Referendum e italiani all’estero, l’importante è votare

“Non lasciamo cadere tutti gli sforzi fatti e decidiamo insieme ai nostri connazionali quale vogliamo che sia il futuro dell'Italia, liberamente e responsabilmente”

In questi giorni stanno arrivando agli italiani residenti all’estero le buste contenenti le schede del quesito referendario: è importante che tutti i cittadini Italiani residenti all’estero adempiano a questo dovere civico e morale.

Sono passati dieci anni da quando la legge Tremaglia è entrata in vigore e sappiamo quanto lavoro e quanto impegno sono stati necessari per dare la possibilità agli Italiani nel mondo di partecipare alla vita politica del nostro Paese; non lasciamo cadere tutti gli sforzi fatti e decidiamo insieme ai nostri connazionali quale vogliamo che sia il futuro dell’Italia, liberamente e responsabilmente.

Dobbiamo farlo anche in risposta a coloro che vogliono eliminare la Circoscrizione estero, cominciando dalla riduzione della rappresentanza estera al Senato: la riforma Boschi-Renzi non ha sostanza, ma soprattutto riduce drammaticamente la democrazia.

Il premier, nella lettera inviata agli italiani all’estero, chiede di votare Sì perché l’Italia deve cambiare passo e la riforma è un treno che passa solo una volta. Molti esponenti del Pd dicono che se questa riforma non sarà approvata ci vorranno altri vent’anni prima che se ne faccia un’altra. A mio parere non è così, perché stanno crescendo nuove forze politiche altrettanto capaci di ritoccare in qualche parte la Costituzione senza stravolgerne la portata democratica e la funzione di garanzia.

Dopo il 4 dicembre non ci sarà uno tsunami: l’Italia non sprofonderà e non sarà cancellata dal mappamondo.

I politici si sono accorti che ci sono più di quattro milioni di italiani all’estero, peccato che se ne ricordino solo ora, dopo che le politiche per gli italiani oltre confine sono state un disastro, come del resto denunciano da sempre anche quelli del MAIE. Tutti vogliono le riforme: è ovvio che nessuna mette d’accordo tutti, ma si poteva e doveva cercare di fare in modo di parlare con la maggiore rappresentanza possibile. Smettiamola di dire che sono trent’ anni che si parla di riforme costituzionali: in Italia ne sono state fatte; il problema è che, quando son state fatte, quelli che oggi dicono che abbiamo perso tempo votavano contro.
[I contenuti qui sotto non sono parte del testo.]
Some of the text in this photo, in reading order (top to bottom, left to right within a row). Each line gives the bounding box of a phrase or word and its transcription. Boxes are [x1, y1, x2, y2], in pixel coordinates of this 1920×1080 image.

La stessa legge elettorale in vigore, l’Italicum, ci avevano detto che era la migliore del mondo e oggi la mettono in discussione solo perché ad alcuni parlamentari non va a genio e, pur di assicurarsi quattro voti, Renzi è disposto a cambiarla di nuovo: alla faccia di quelli che dicono che in Italia per colpa della Costituzione le leggi sono ferme.
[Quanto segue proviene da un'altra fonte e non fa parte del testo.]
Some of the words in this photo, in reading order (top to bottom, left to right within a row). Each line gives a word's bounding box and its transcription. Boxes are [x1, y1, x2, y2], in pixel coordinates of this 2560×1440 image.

Votate secondo coscienza ma soprattutto leggetevi il testo della riforma e non limitatevi solo agli slogan; quelli che dicono che si riducono i costi della politica vi prendono in giro, sanno che non è cosi ma fanno finta di non sapere. La democrazia non ha costi, semmai potevano ridursi gli stipendi, ma si sa che questo non avverrà mai perché a tutti costoro conviene così: si riducono i senatori per dare spazio ai nominati della politica, togliendo al popolo il diritto di votare.
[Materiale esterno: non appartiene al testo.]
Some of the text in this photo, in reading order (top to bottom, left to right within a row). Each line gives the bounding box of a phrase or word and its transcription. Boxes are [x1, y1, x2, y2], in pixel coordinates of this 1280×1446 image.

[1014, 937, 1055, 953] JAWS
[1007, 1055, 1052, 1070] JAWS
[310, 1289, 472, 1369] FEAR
Votate per difendere la democrazia e il voto degli italiani all’estero, dimostriamo che anche noi ci teniamo all’Italia e soprattutto che siamo parte integrante della vita sociale e politica del nostro Paese. Se oggi ci mandano le lettere forse contiamo qualcosa, speriamo che domani, quando approveranno la legge di Stabilità, non si dimenticheranno di noi. L’importante è votare.